A threat actor operating under the alias BrazenBamboo has leveraged an unpatched vulnerability in Fortinet's FortiClient for Windows to harvest VPN credentials. This activity is part of a sophisticated modular framework referred to as DEEPDATA.

Researchers analyzing this campaign uncovered the exploitation of the zero-day credential disclosure vulnerability in July 2024. They have attributed the development of DEEPDATA, DEEPPOST, and LightSpy to BrazenBamboo.

What is the DEEPDATA Malware

DEEPDATA is a modular post-exploitation tool designed for the Windows operating system, capable of collecting extensive information from compromised devices. It was initially brought to attention when cybersecurity specialists analyzed the Windows-based surveillance framework, linking it to the China-associated APT41 threat actor. DEEPDATA has been used to extract data from communication platforms like WhatsApp, Telegram, Signal, WeChat, LINE, QQ, and Skype, as well as Microsoft Outlook, DingDing, Feishu, KeePass, application credentials, browser data, Wi-Fi networks, and installed software.

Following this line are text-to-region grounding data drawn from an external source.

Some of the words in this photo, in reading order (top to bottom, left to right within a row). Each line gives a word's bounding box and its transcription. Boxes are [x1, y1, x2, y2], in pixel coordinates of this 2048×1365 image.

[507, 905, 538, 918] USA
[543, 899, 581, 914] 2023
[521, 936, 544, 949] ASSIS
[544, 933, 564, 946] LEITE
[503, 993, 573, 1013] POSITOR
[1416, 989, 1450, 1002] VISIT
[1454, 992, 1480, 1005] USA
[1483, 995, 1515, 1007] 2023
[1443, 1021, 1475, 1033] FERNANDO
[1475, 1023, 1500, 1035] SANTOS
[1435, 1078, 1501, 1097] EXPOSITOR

At the heart of DEEPDATA is a dynamic-link library (DLL) loader known as data.dll, which is designed to decrypt and deploy 12 distinct plugins via an orchestrator module named frame.dll. Among these plugins is a newly identified FortiClient DLL, capable of harvesting VPN credentials.

This plugin takes advantage of an unpatched zero-day vulnerability in the Fortinet VPN client for Windows. By exploiting this flaw, it retrieves user credentials directly from the memory of the client's process.

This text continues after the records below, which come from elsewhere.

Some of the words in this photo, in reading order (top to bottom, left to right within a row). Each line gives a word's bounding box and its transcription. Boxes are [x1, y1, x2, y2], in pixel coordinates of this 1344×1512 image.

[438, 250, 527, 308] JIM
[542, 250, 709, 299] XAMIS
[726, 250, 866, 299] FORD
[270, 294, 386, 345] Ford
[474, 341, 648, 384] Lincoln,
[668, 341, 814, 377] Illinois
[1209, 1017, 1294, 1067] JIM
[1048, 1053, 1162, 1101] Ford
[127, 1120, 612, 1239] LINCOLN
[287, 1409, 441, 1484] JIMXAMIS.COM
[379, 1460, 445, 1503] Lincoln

Other Harmful Threats Part of the BrazenBamboo Arsenal

Since creating the LightSpy spyware implant in 2022, the attacker has consistently focused on strategically targeting communication platforms, prioritizing stealth and sustained access. The Windows version of LightSpy differs from other OS variants in its architecture. It is deployed through an installer that loads a library to execute shellcode in memory. This shellcode then downloads and decodes the orchestrator component from the command-and-control server. The orchestrator is activated by a loader called BH_A006, which has been previously associated with the suspected Chinese threat group 'Space Pirates,' known for targeting Russian organizations.

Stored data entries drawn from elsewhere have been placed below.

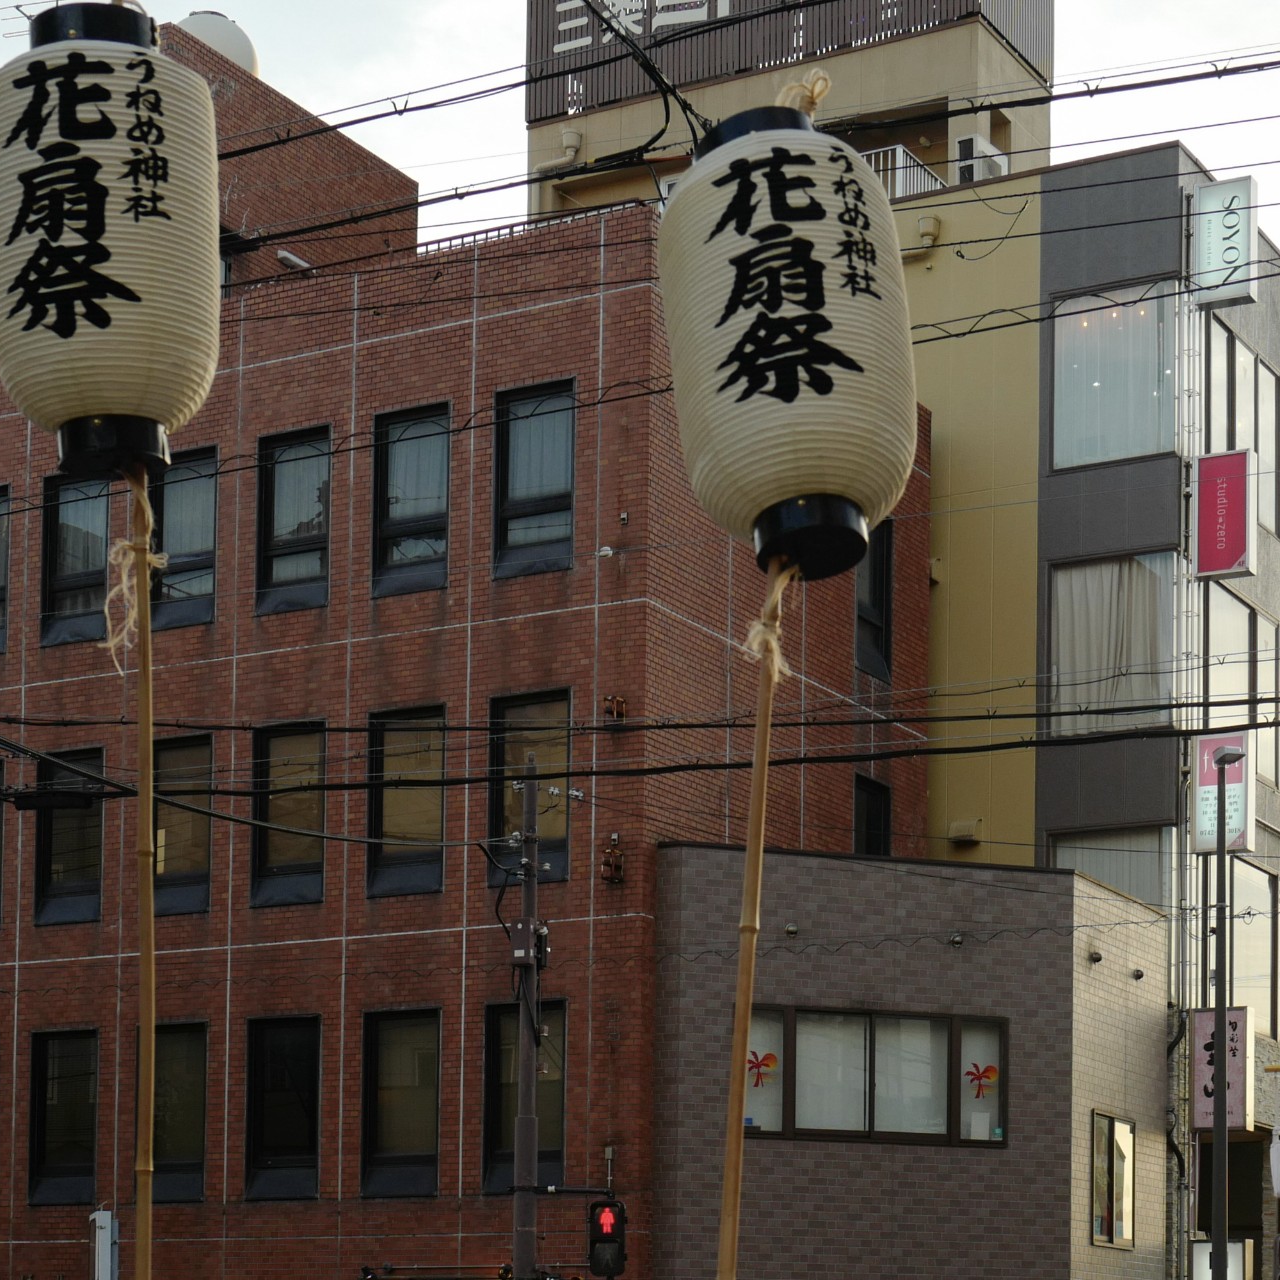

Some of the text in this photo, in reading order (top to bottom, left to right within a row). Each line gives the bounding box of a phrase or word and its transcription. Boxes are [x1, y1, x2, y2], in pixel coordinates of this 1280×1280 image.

[1, 51, 142, 340] 花扇祭
[117, 51, 172, 223] うねめ神社
[828, 145, 883, 301] うねめ神社
[703, 146, 865, 404] 花扇祭
[1222, 195, 1241, 286] SOYON

Another tool in BrazenBamboo's malware arsenal is DEEPPOST, a post-exploitation data exfiltration tool capable of sending files to a remote endpoint. Together, DEEPDATA and DEEPPOST significantly enhance the threat actor's cyber espionage capabilities, building on the earlier work with LightSpy, which now targets macOS, iOS, and Windows.

There are notable code and infrastructure similarities between LightSpy and DEEPDATA, indicating that both malware families are likely developed by the same private enterprise, potentially contracted to create hacking tools for governmental use.